#### Aim of the task:
Restate each record word for word, omitting whatever pictures it holds.

Phrase grounding data
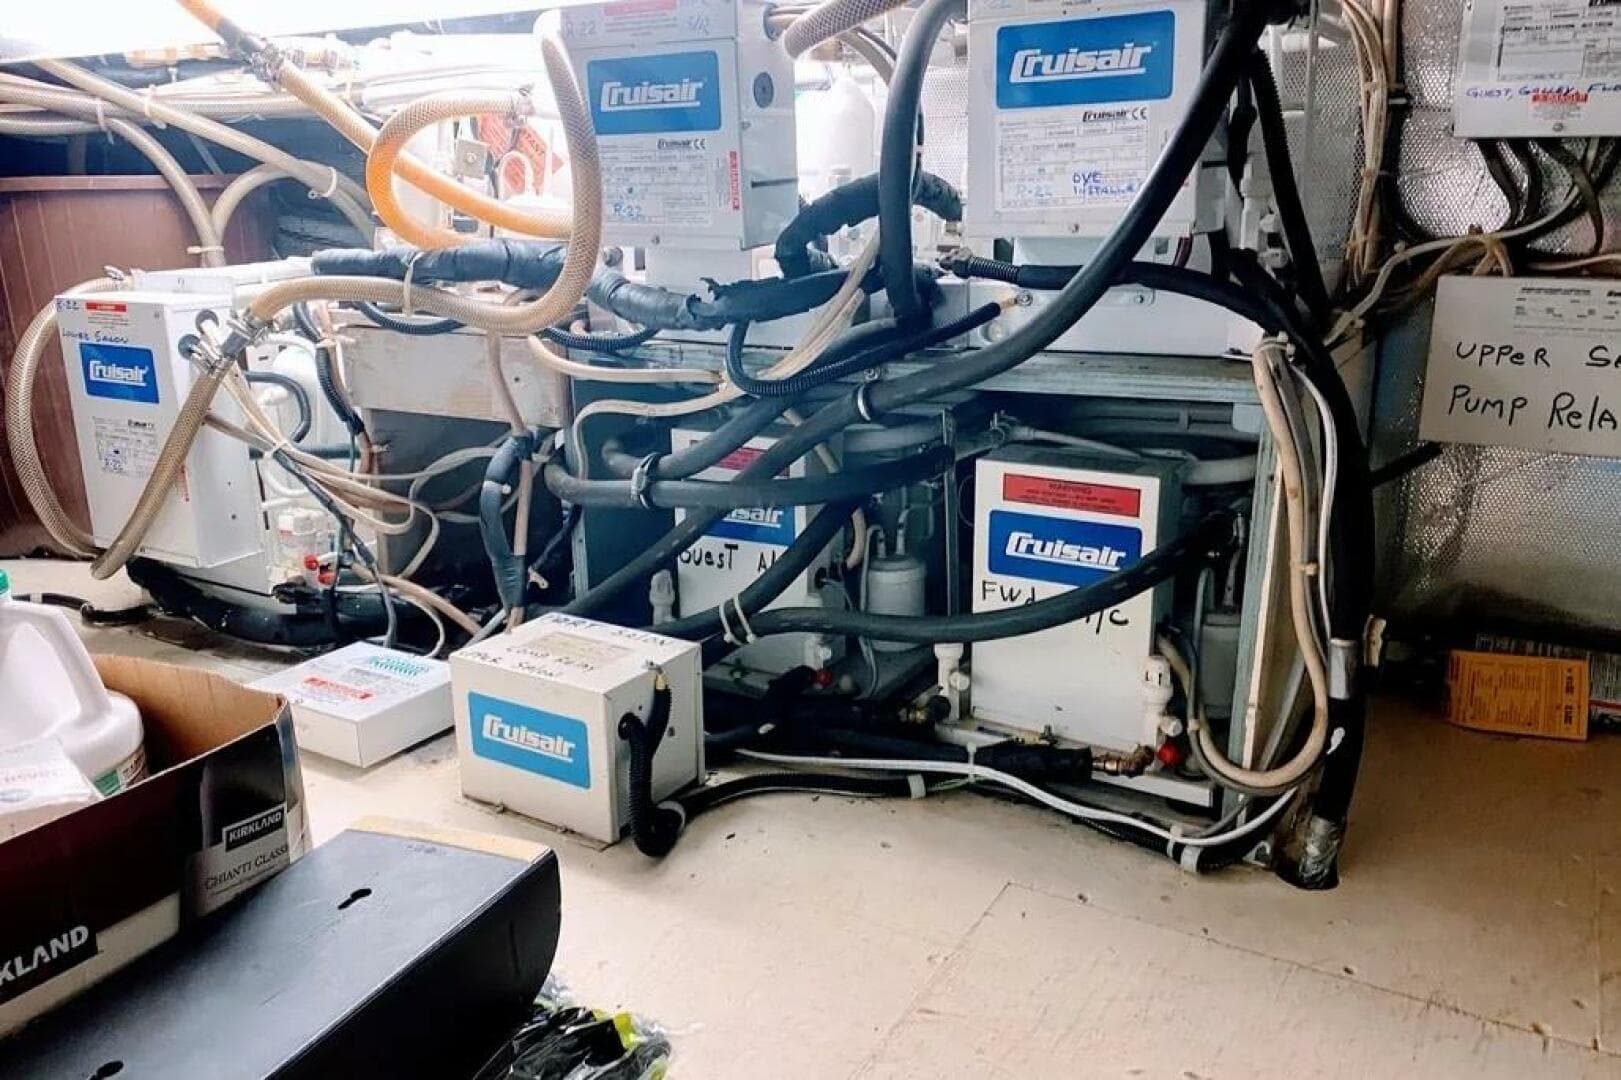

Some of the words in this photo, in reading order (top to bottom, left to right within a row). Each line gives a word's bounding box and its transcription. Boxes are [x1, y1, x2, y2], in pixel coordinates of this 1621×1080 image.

[1008, 42, 1152, 83] Cruisair
[600, 78, 703, 112] Cruisair
[89, 359, 149, 387] Cruisair
[1005, 531, 1126, 572] Cruisair
[482, 713, 576, 764] Cruisair
[229, 811, 282, 842] KIRKLAND

#### Result of this exercise:
Some of the words in this photo, in reading order (top to bottom, left to right within a row). Each line gives a word's bounding box and its transcription. Boxes are [x1, y1, x2, y2], in pixel coordinates of this 1621×1080 image.

[1008, 42, 1152, 83] Cruisair
[600, 78, 703, 112] Cruisair
[89, 359, 149, 387] Cruisair
[1005, 531, 1126, 572] Cruisair
[482, 713, 576, 764] Cruisair
[229, 811, 282, 842] KIRKLAND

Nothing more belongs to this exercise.